Shetty began his passionate relationship with lamps when he was in his mid -twenties, buying his very first oil lamp from Chennai. Like most collectors, he was quickly hooked. He bought a second, then a third and today, has hundreds of lamps with a fascinating history attached to several of them.

Outtakes from Purple Turtle’s Lamp collection

“Founding Purple Turtles with a close friend was a passion cum business project. We chose the name because turtles as a species are attracted to light and purple was historically a luxurious colour. And we wanted people to be intrigued enough by the name so that it would be remembered,” he smiles.

Starting with one project in Goa that they bagged through an architect friend, they gradually built up their network snagging big ticket clients like TCS, Wipro, Google, Facebook, LinkedIn, Microsoft and airport terminal projects, most recently the design centric T2 at Bangalore Airport. They also expanded their brick and mortar stores across cities and added more verticals like Berur and Oorja along the way.

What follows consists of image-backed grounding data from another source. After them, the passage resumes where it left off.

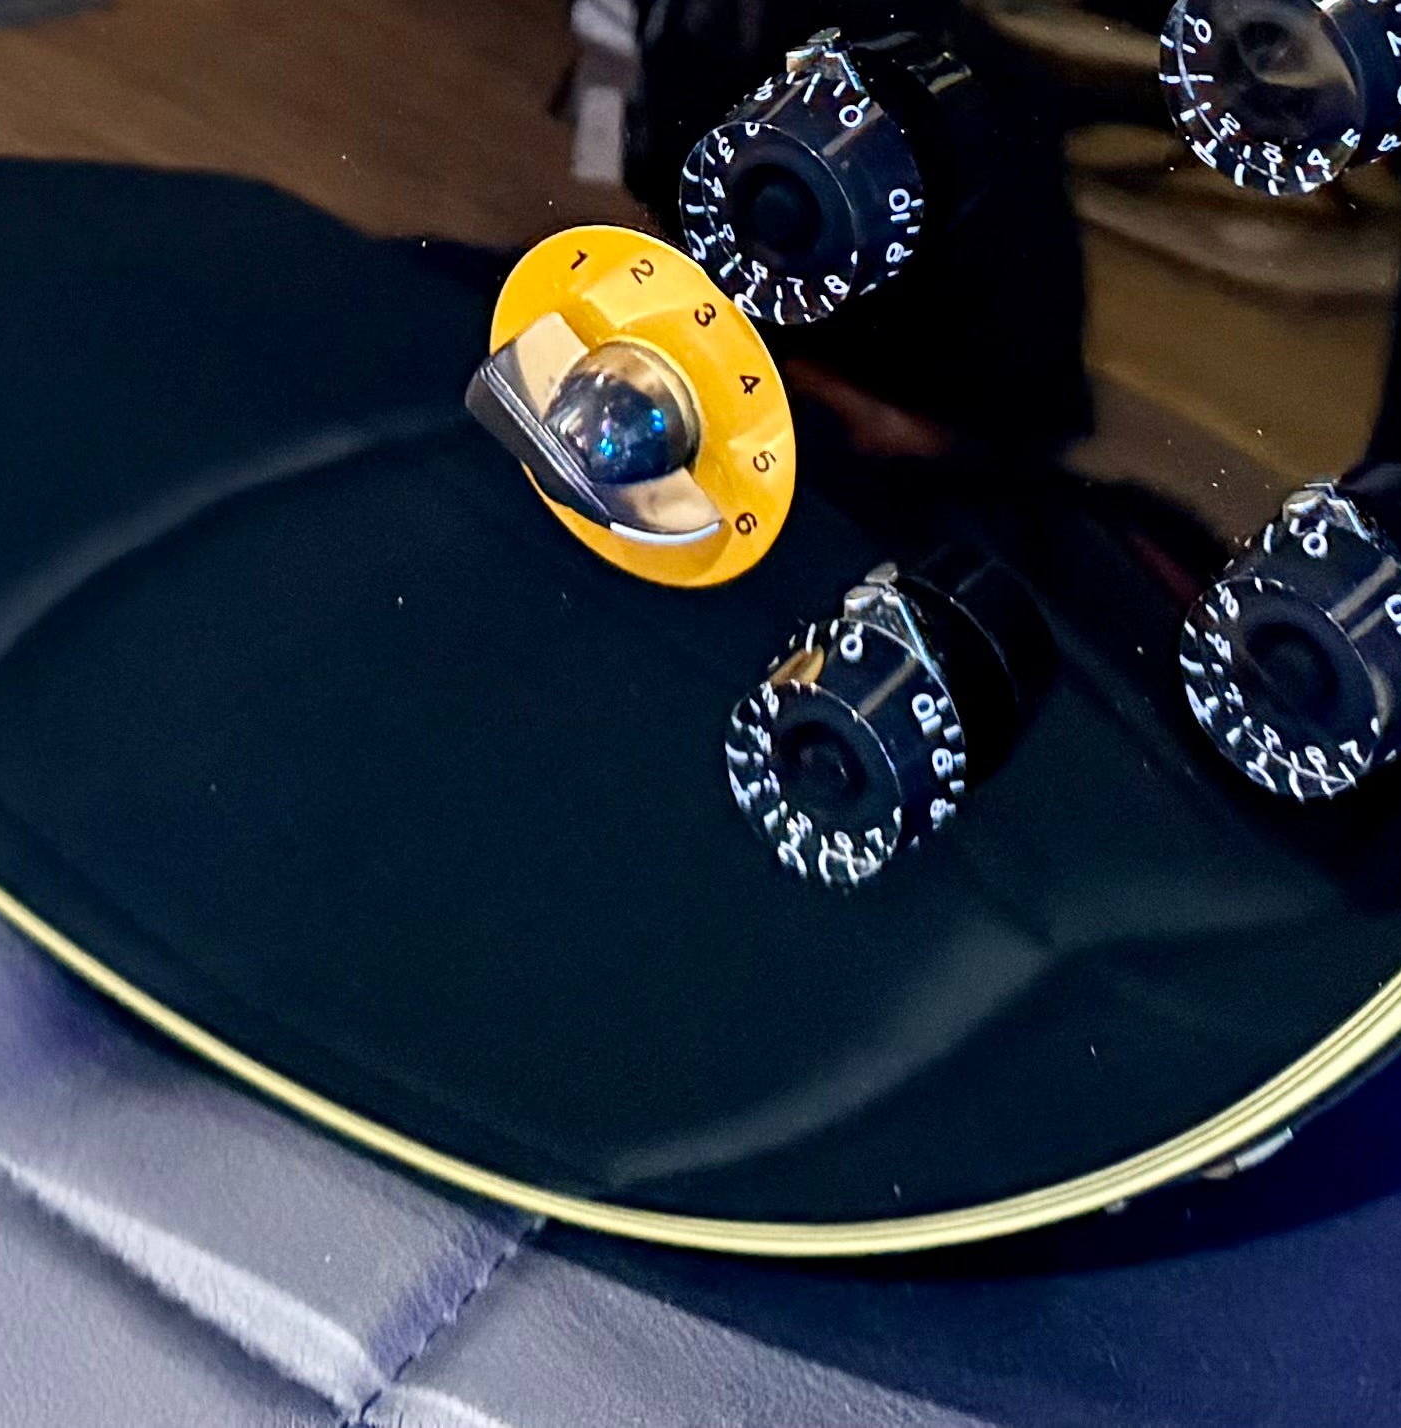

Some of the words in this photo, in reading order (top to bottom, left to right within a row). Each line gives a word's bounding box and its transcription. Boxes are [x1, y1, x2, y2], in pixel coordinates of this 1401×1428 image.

[569, 248, 589, 272] 1
[628, 258, 656, 285] 2
[693, 301, 718, 329] 3
[738, 372, 762, 396] 4
[752, 449, 778, 474] 5
[734, 510, 759, 536] 6
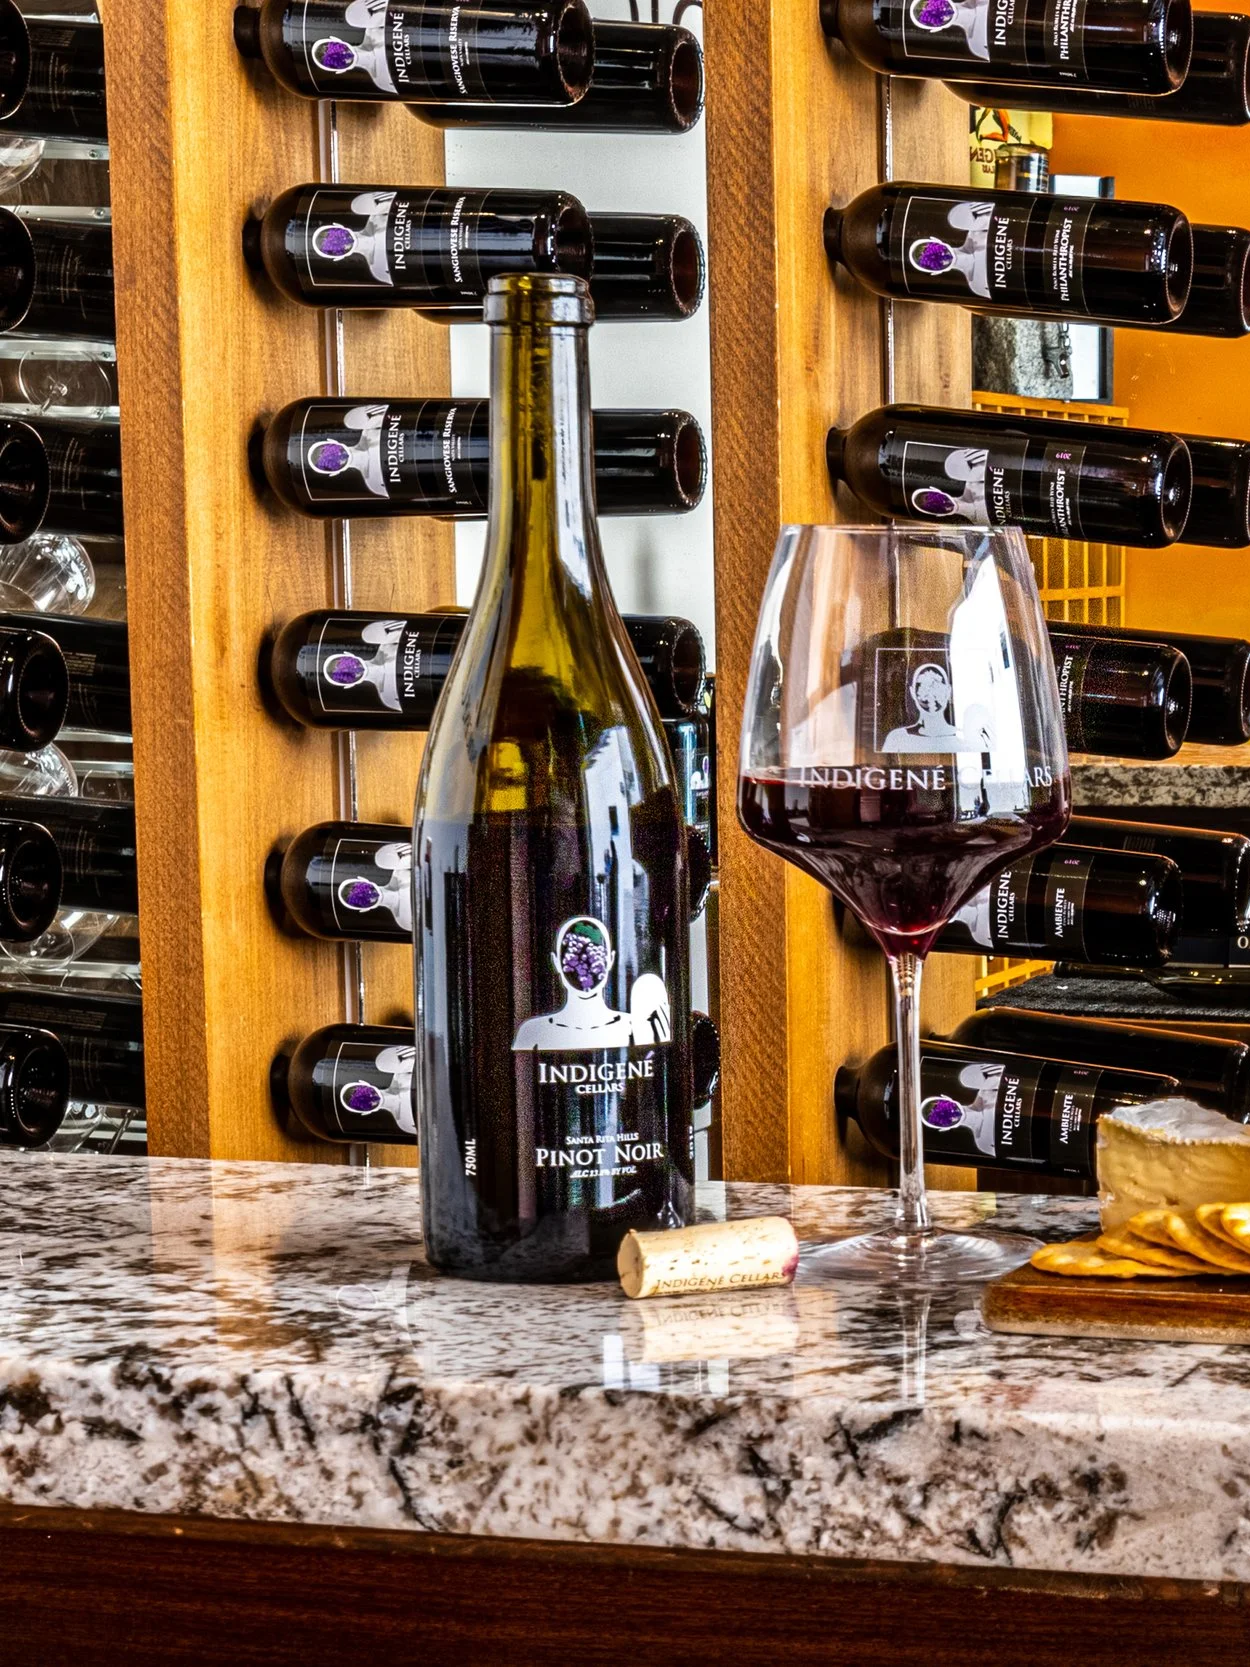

Berur is a root-to-roof garden solution store (beru for roots and uru for city) that also reflects the brands penchant for elegance and design. Oorja is a partnership with Jenny Pinto’s sustainable design studio that was founded in 1998.Oorja is known for their diaphanous, ethereal lamps made from paper, waste and natural fibres.
While Purple Turtles is a treasure trove of exquisite things, their collection of heritage oil lamps is truly unique, as is their provenance, explains Shetty.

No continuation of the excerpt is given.